◆ Assignment ◆
Pictures do not belong in the copy. Output exactly the lines from the one containing "this 1920×1440 image." to the end of the listing below.

### Excerpted data ###

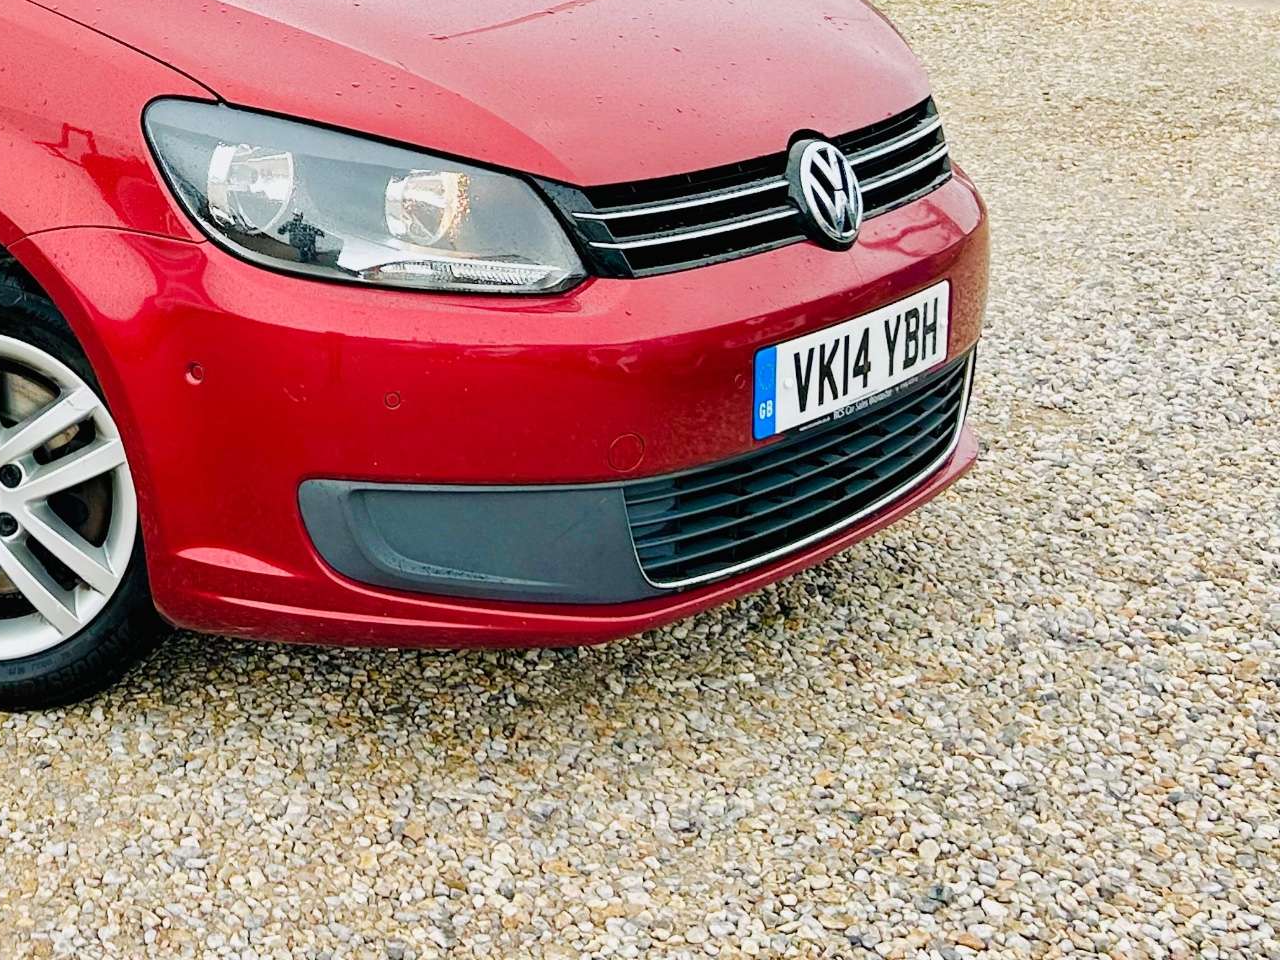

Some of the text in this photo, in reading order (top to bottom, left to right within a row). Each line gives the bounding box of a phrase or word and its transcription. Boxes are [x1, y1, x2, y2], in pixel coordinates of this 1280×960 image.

[793, 296, 939, 414] VK14 YBH
[759, 399, 773, 420] GB
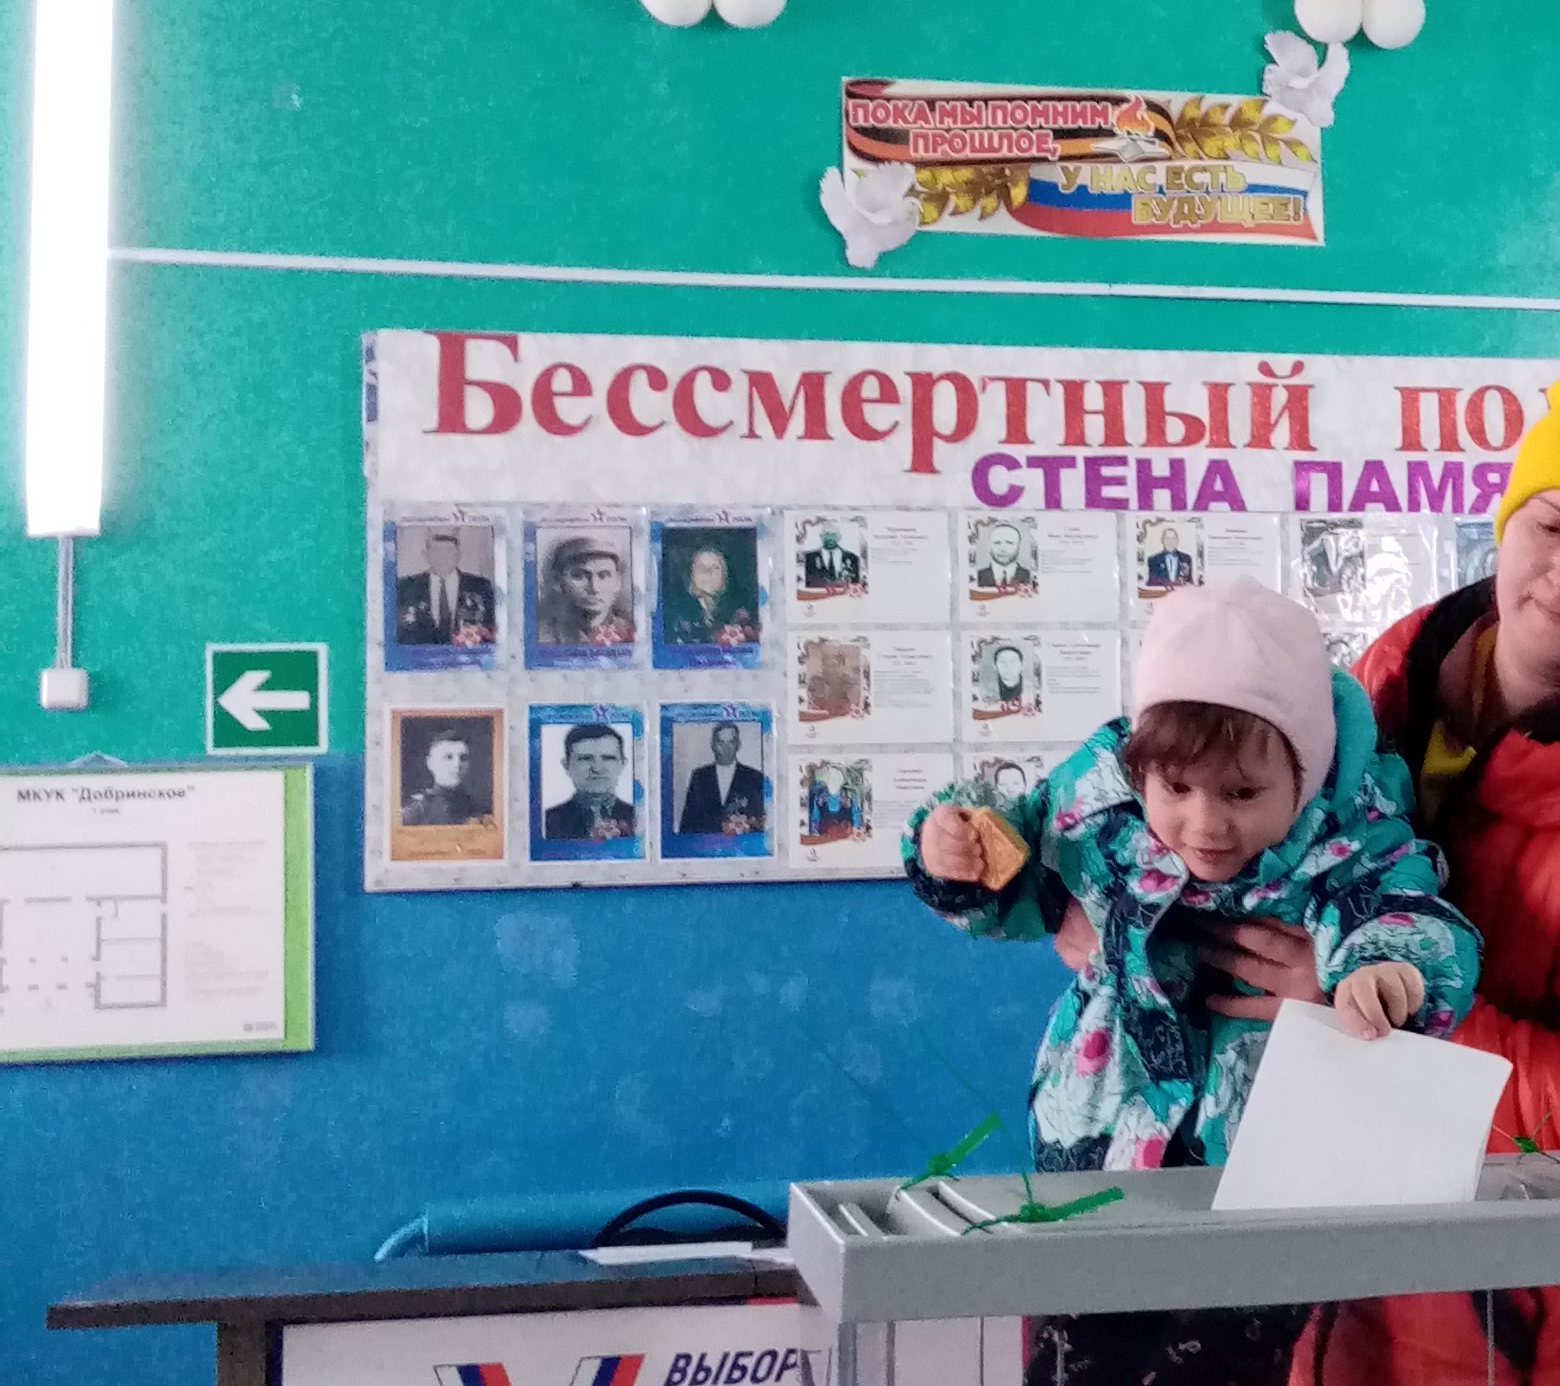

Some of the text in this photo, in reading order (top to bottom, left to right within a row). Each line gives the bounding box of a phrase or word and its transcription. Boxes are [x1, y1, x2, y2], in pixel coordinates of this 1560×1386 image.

[849, 97, 1110, 131] ПОКА МЫ ПОМНИМ
[911, 129, 1060, 160] ПРОШЛОЕ,
[1061, 162, 1245, 194] У НАС ЕСТЬ
[1132, 196, 1305, 227] БУДУЩЕЕ!
[423, 331, 1550, 475] Бессмертный по
[970, 451, 1513, 514] СТЕНА ПАМЯ
[16, 786, 67, 803] МКУК
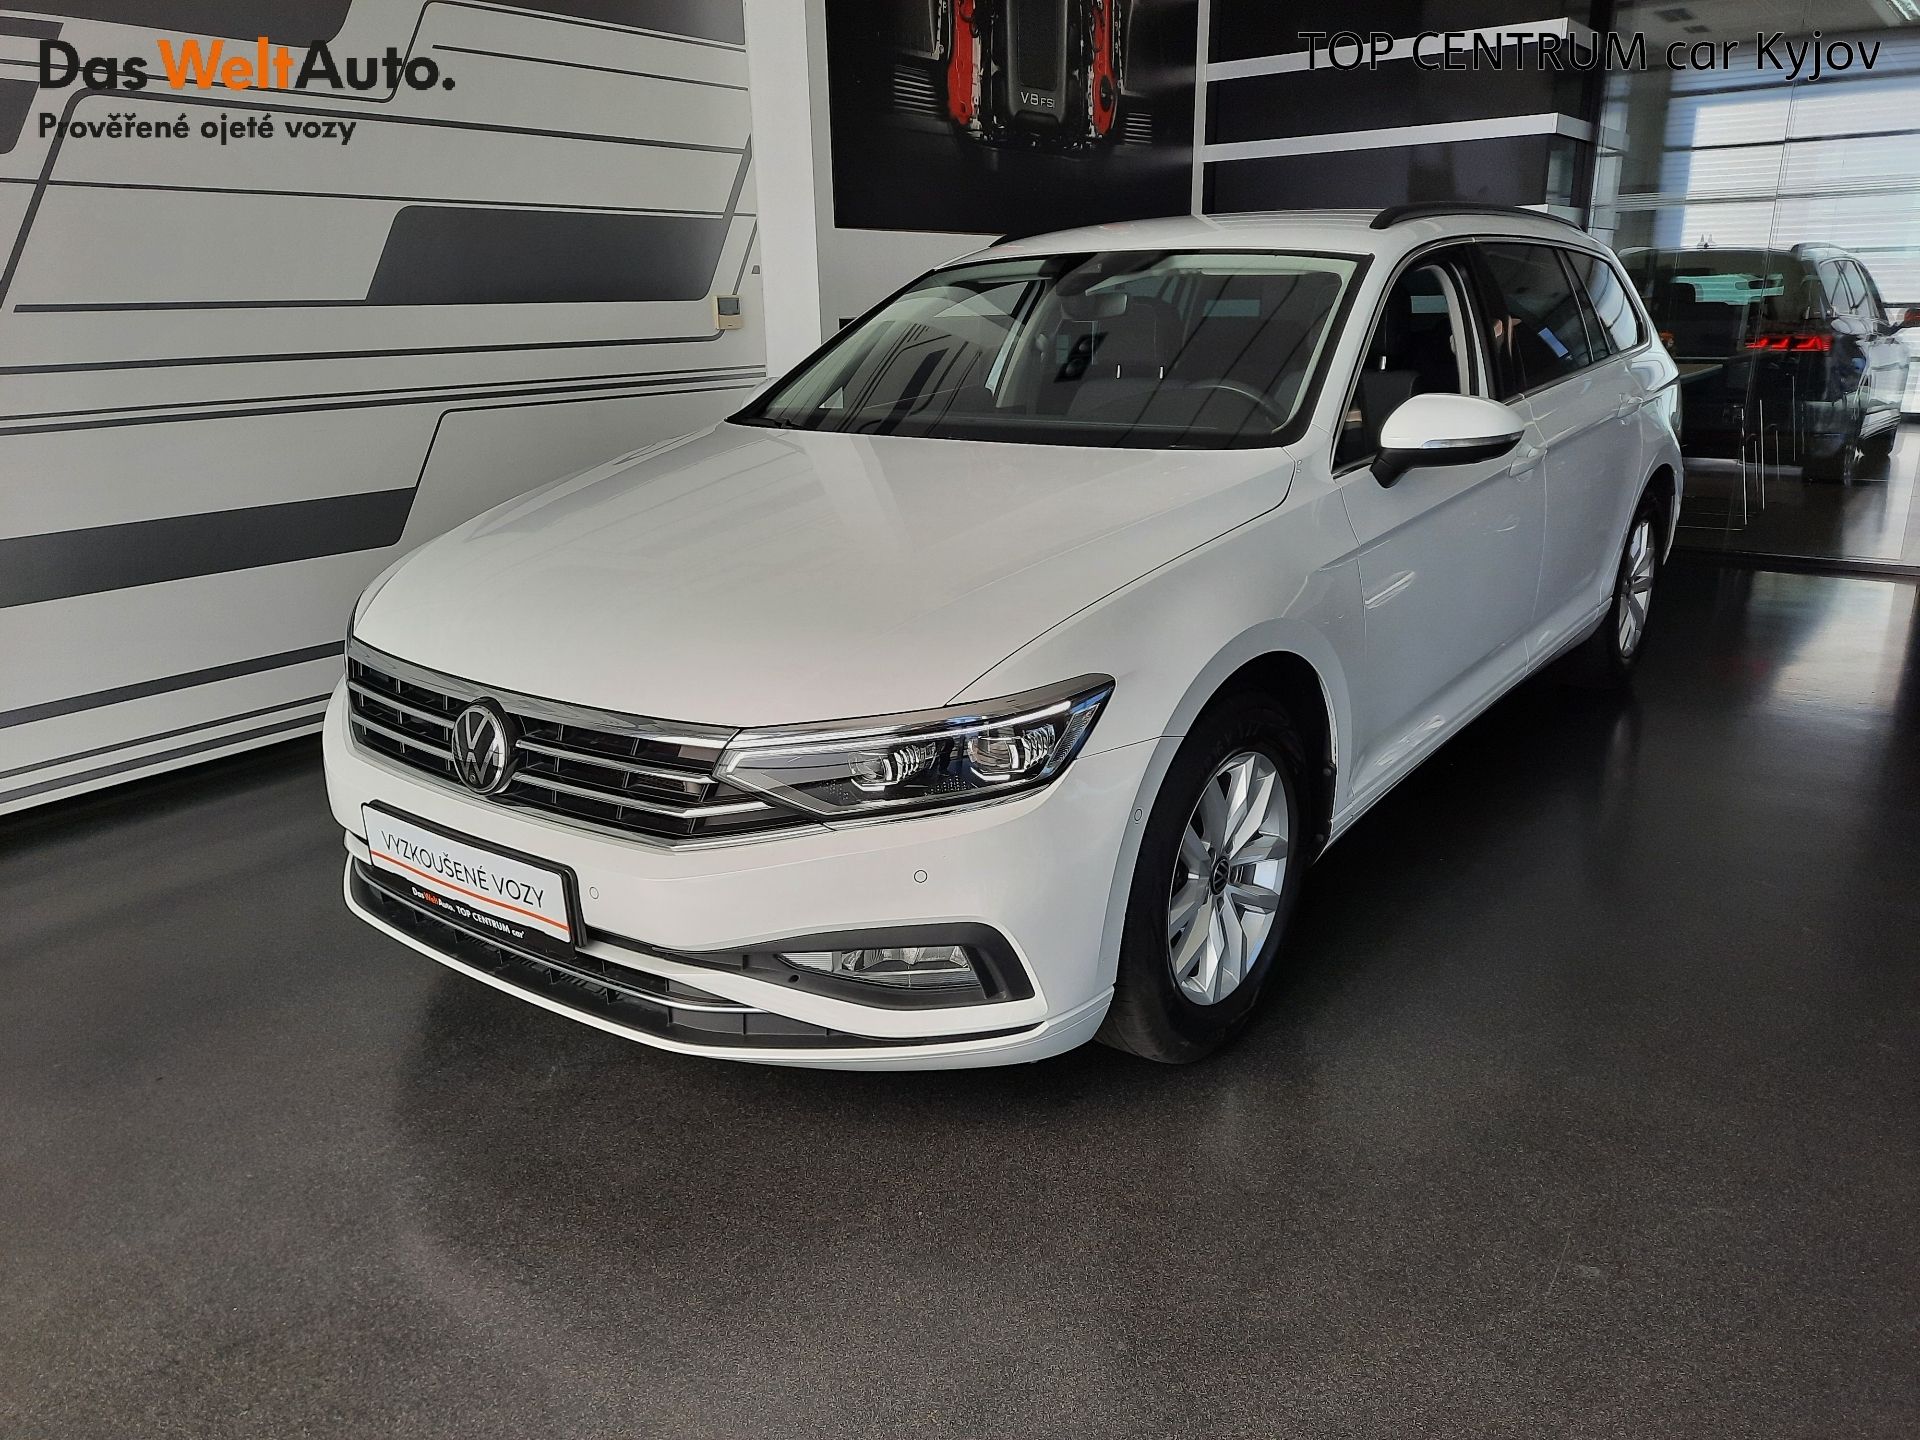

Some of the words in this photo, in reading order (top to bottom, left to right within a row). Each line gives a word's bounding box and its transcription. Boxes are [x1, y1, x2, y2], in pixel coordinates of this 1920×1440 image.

[381, 830, 490, 892] VYZKOUŠENÉ
[491, 873, 545, 909] VOZY
[456, 905, 471, 918] TOP
[472, 912, 511, 934] CENTRUM
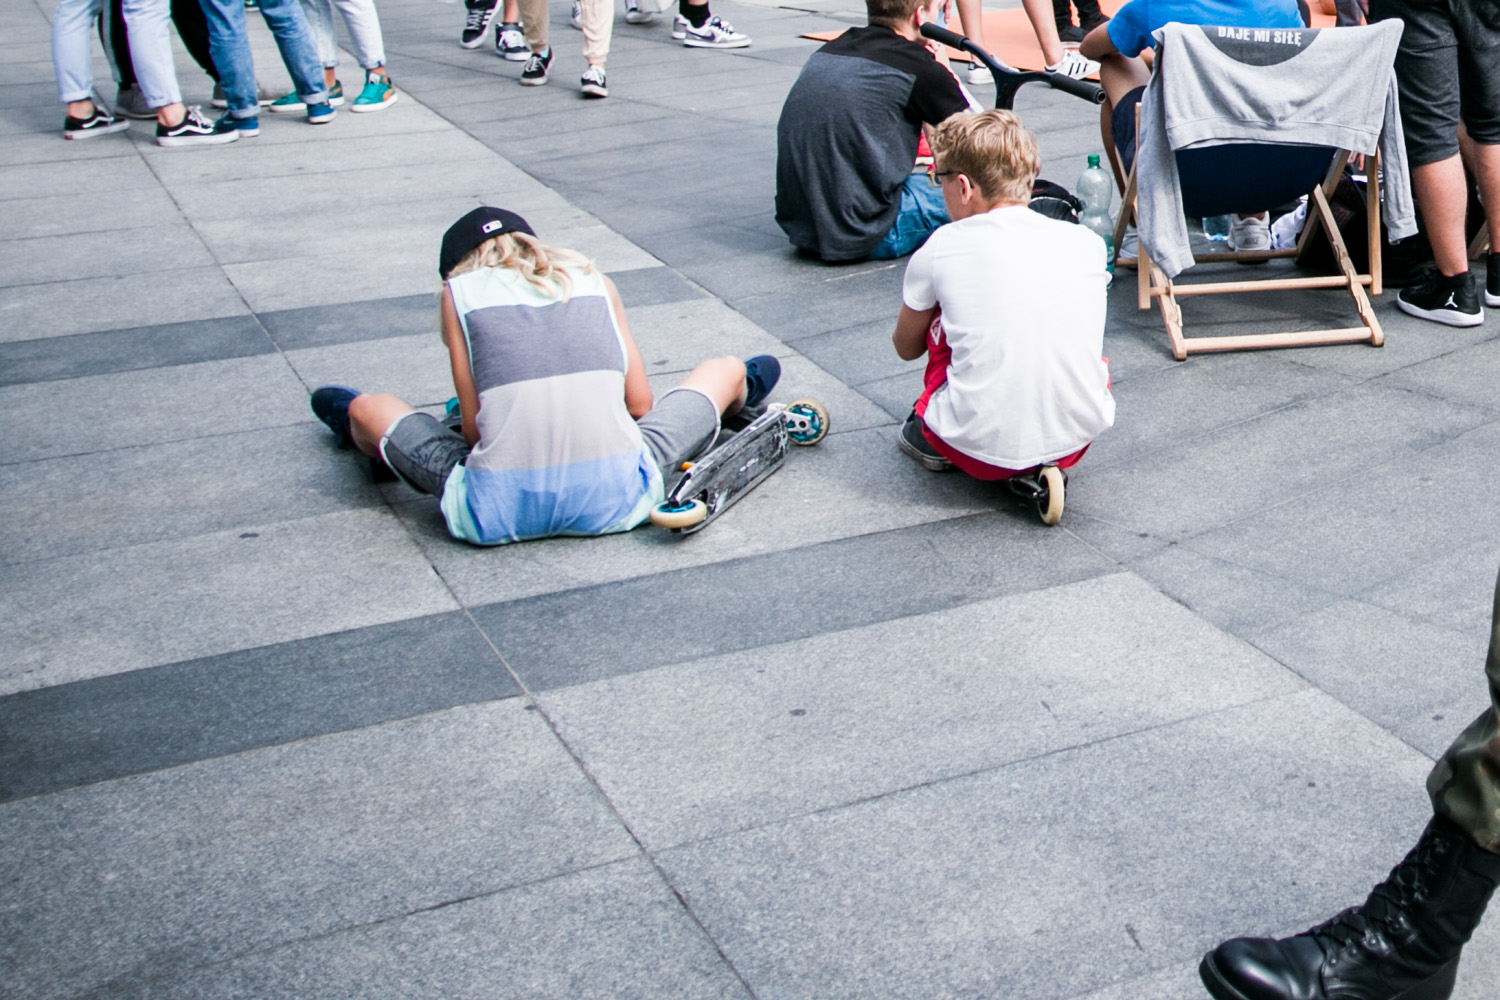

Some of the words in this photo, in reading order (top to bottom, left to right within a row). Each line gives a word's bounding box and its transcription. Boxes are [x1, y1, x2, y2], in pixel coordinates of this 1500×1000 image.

[1218, 26, 1250, 41] DAJE
[1254, 30, 1270, 42] MI
[1273, 31, 1302, 47] SIŁĘ

###

◆ Response below ◆
Some of the words in this photo, in reading order (top to bottom, left to right within a row). Each line gives a word's bounding box and its transcription. Boxes are [x1, y1, x2, y2], in pixel coordinates of this 1920×1440 image.

[381, 830, 490, 892] VYZKOUŠENÉ
[491, 873, 545, 909] VOZY
[456, 905, 471, 918] TOP
[472, 912, 511, 934] CENTRUM

Some of the words in this photo, in reading order (top to bottom, left to right within a row). Each line gives a word's bounding box and its transcription. Boxes are [x1, y1, x2, y2], in pixel coordinates of this 1500×1000 image.

[1218, 26, 1250, 41] DAJE
[1254, 30, 1270, 42] MI
[1273, 31, 1302, 47] SIŁĘ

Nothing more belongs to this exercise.